* _LISTED RECORDS_:
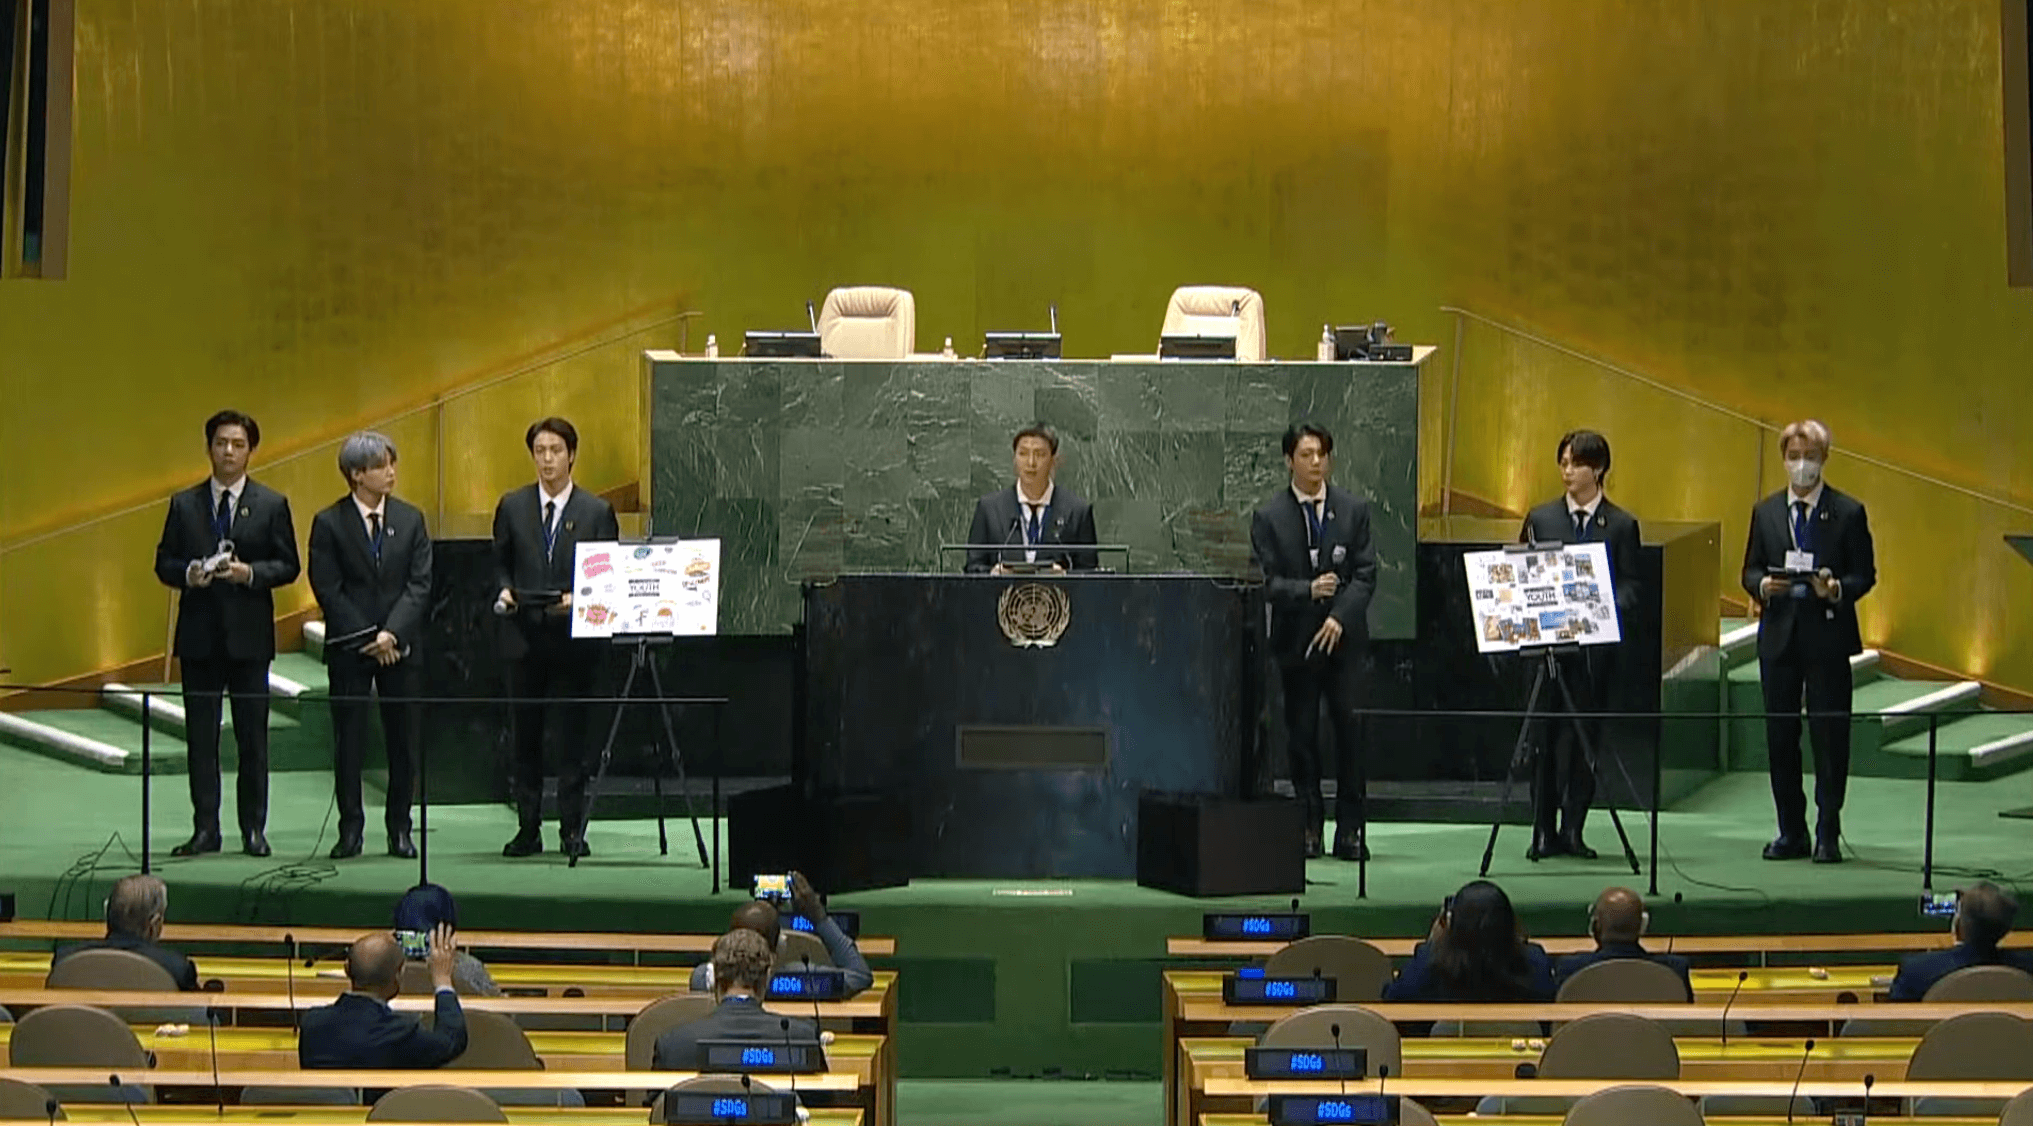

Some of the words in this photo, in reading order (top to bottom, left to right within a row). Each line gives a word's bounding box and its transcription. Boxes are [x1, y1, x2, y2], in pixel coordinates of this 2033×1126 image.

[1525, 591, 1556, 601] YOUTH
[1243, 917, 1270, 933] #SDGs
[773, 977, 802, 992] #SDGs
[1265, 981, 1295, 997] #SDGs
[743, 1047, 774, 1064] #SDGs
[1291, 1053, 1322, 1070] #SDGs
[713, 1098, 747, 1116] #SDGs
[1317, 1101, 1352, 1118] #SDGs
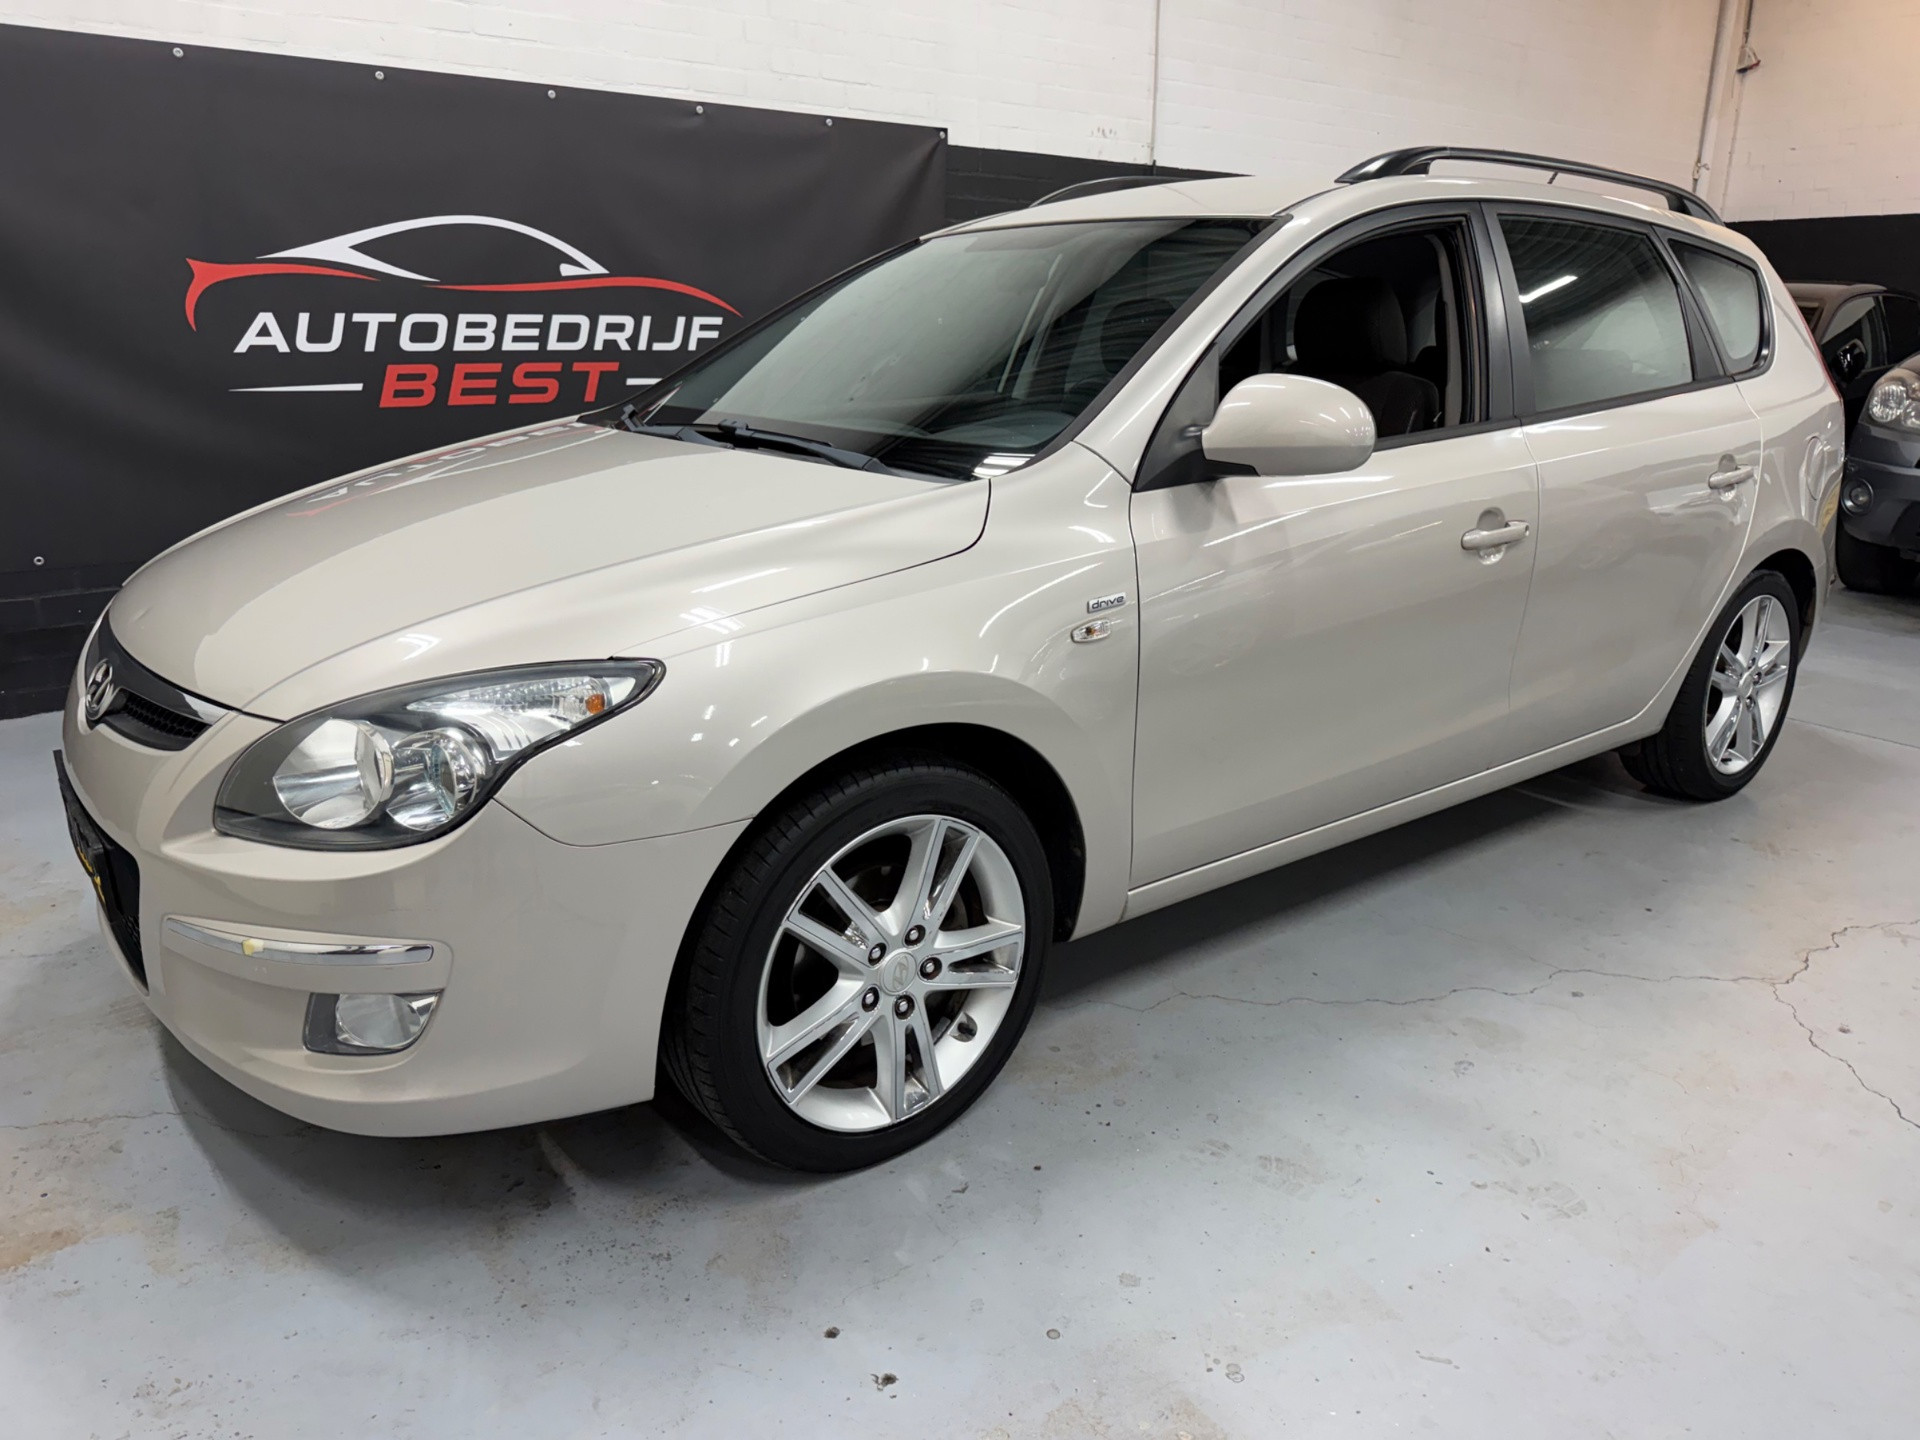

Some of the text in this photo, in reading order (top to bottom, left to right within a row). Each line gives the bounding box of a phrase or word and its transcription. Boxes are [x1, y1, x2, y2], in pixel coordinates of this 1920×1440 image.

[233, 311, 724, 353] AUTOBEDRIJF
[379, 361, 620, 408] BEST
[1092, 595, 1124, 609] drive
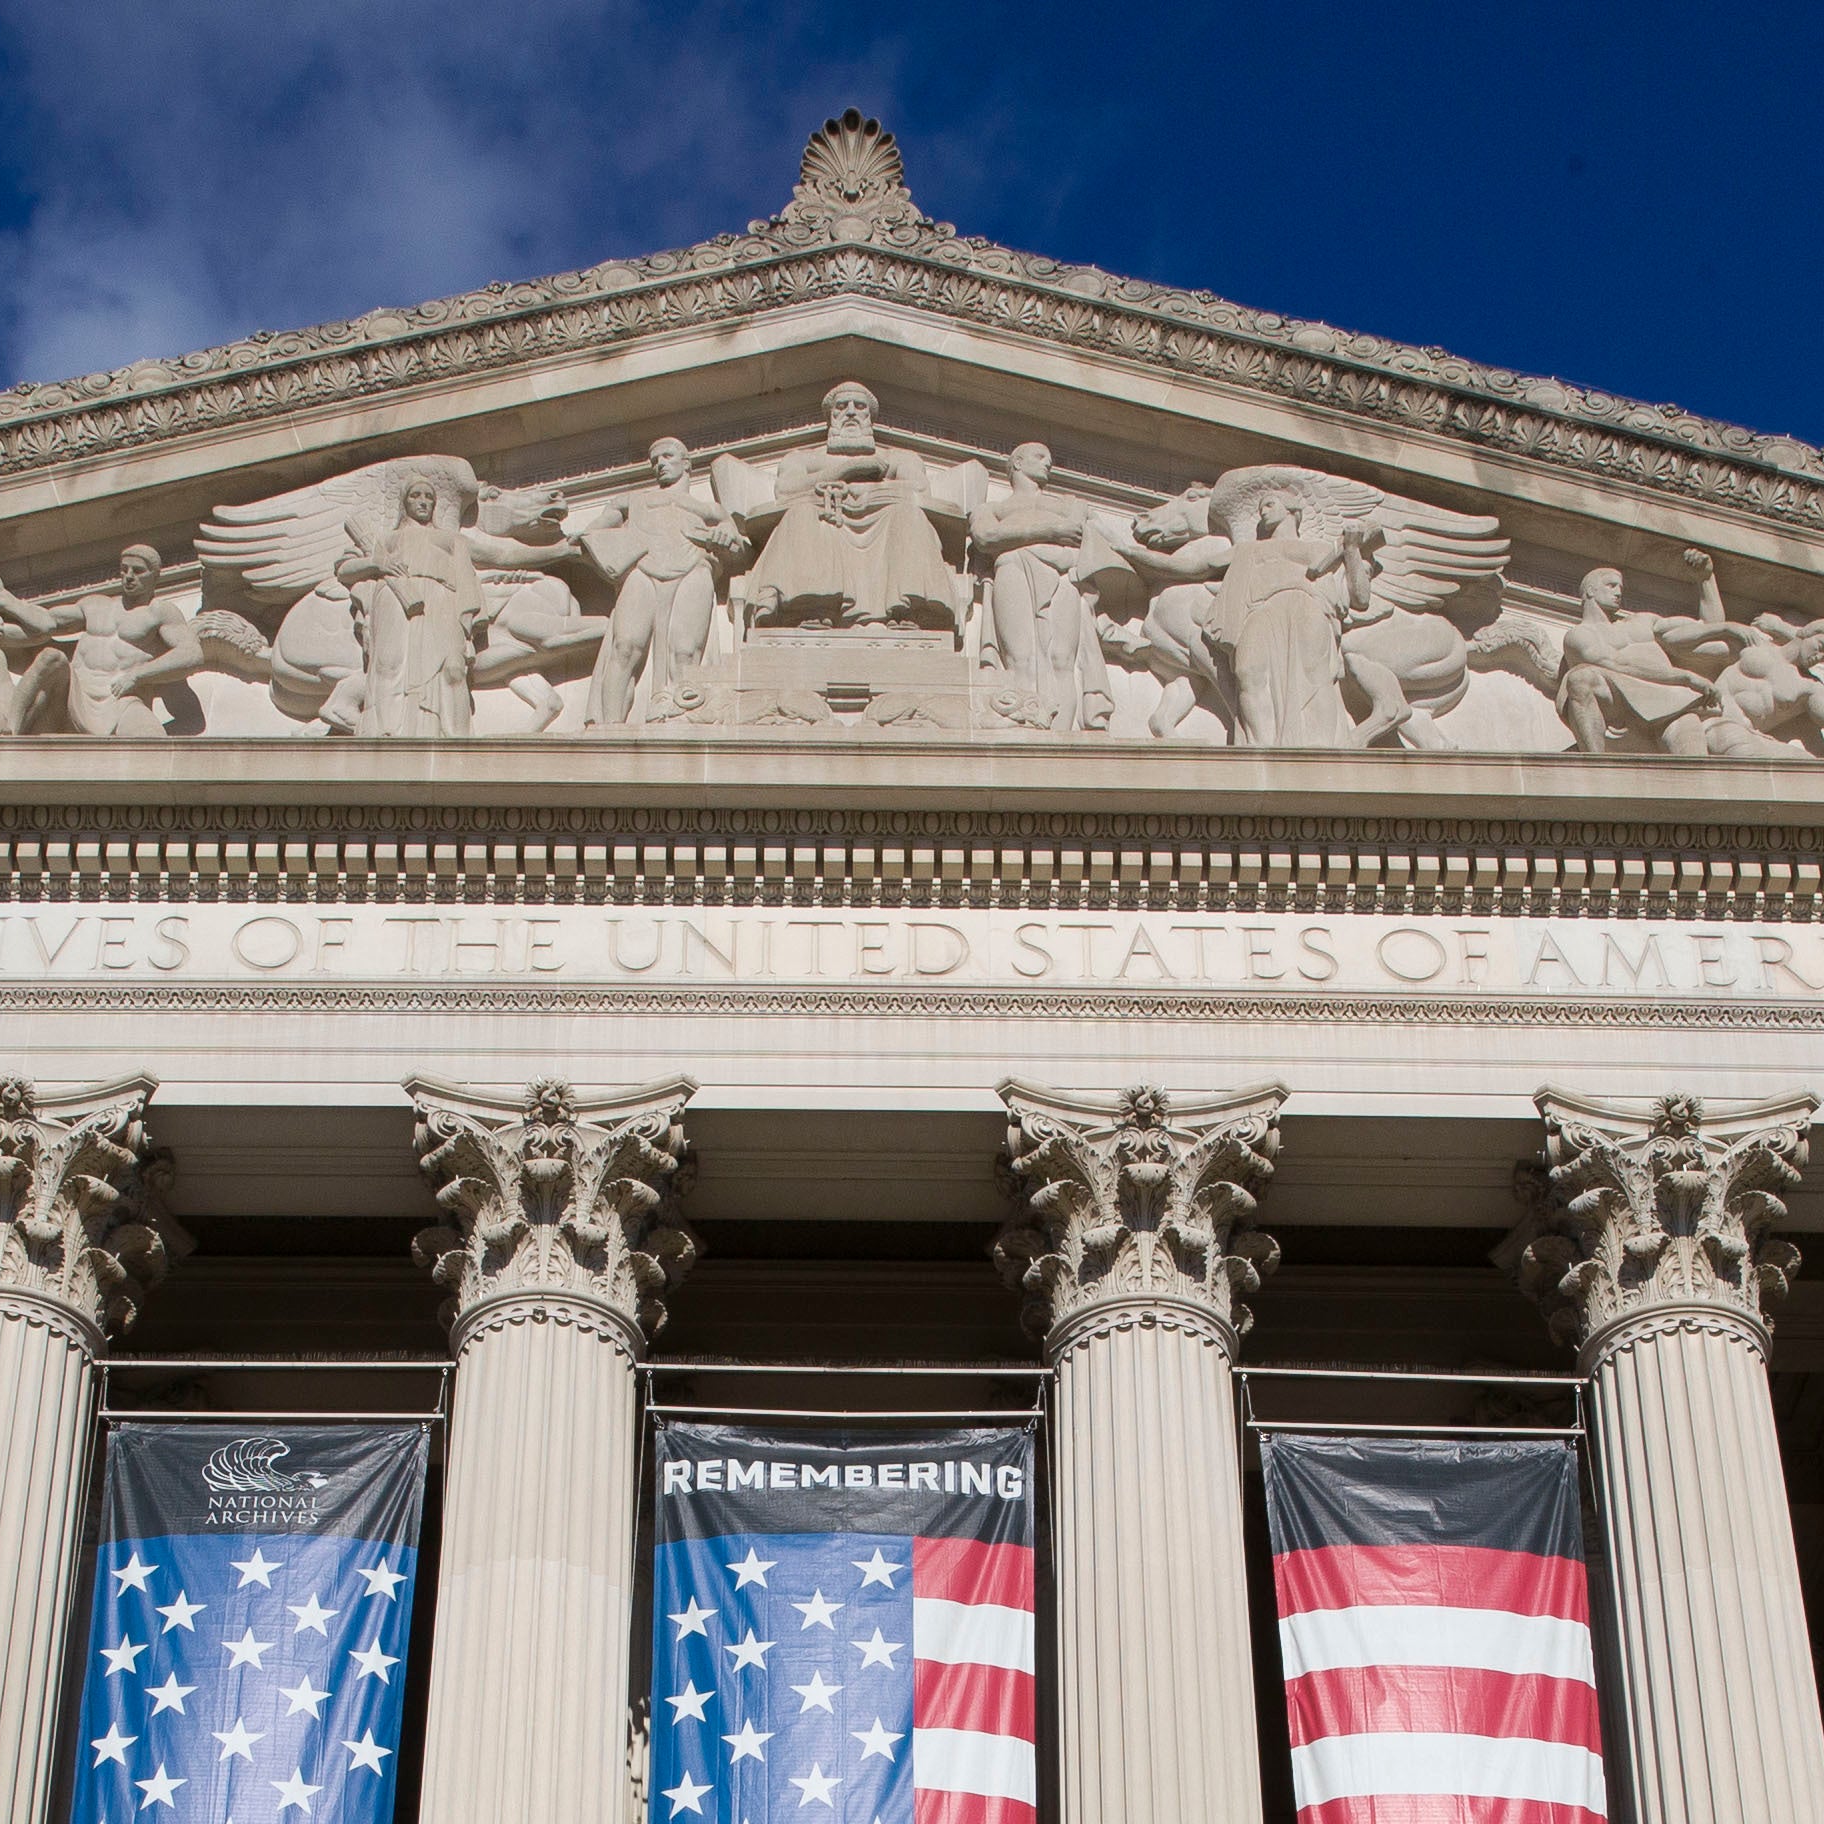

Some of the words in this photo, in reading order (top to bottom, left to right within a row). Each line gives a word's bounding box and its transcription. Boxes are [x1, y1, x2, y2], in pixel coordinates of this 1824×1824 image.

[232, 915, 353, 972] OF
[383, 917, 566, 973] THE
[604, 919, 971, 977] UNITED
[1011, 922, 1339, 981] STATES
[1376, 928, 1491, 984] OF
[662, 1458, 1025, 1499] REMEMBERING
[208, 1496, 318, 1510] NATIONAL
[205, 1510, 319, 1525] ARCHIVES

* _TASK OBJECTIVE_:
Exact copy, no pictures: please print every record above as written.

* _TASK RESPONSE_:
Some of the words in this photo, in reading order (top to bottom, left to right within a row). Each line gives a word's bounding box and its transcription. Boxes are [x1, y1, x2, y2], in pixel coordinates of this 2033×1126 image.

[1525, 591, 1556, 601] YOUTH
[1243, 917, 1270, 933] #SDGs
[773, 977, 802, 992] #SDGs
[1265, 981, 1295, 997] #SDGs
[743, 1047, 774, 1064] #SDGs
[1291, 1053, 1322, 1070] #SDGs
[713, 1098, 747, 1116] #SDGs
[1317, 1101, 1352, 1118] #SDGs

Some of the text in this photo, in reading order (top to bottom, left to right within a row). Each line gives the bounding box of a phrase or word and its transcription. Boxes are [x1, y1, x2, y2], in pixel coordinates of this 1920×1440 image.

[233, 311, 724, 353] AUTOBEDRIJF
[379, 361, 620, 408] BEST
[1092, 595, 1124, 609] drive

Some of the words in this photo, in reading order (top to bottom, left to right within a row). Each line gives a word's bounding box and its transcription. Boxes are [x1, y1, x2, y2], in pixel coordinates of this 1824×1824 image.

[232, 915, 353, 972] OF
[383, 917, 566, 973] THE
[604, 919, 971, 977] UNITED
[1011, 922, 1339, 981] STATES
[1376, 928, 1491, 984] OF
[662, 1458, 1025, 1499] REMEMBERING
[208, 1496, 318, 1510] NATIONAL
[205, 1510, 319, 1525] ARCHIVES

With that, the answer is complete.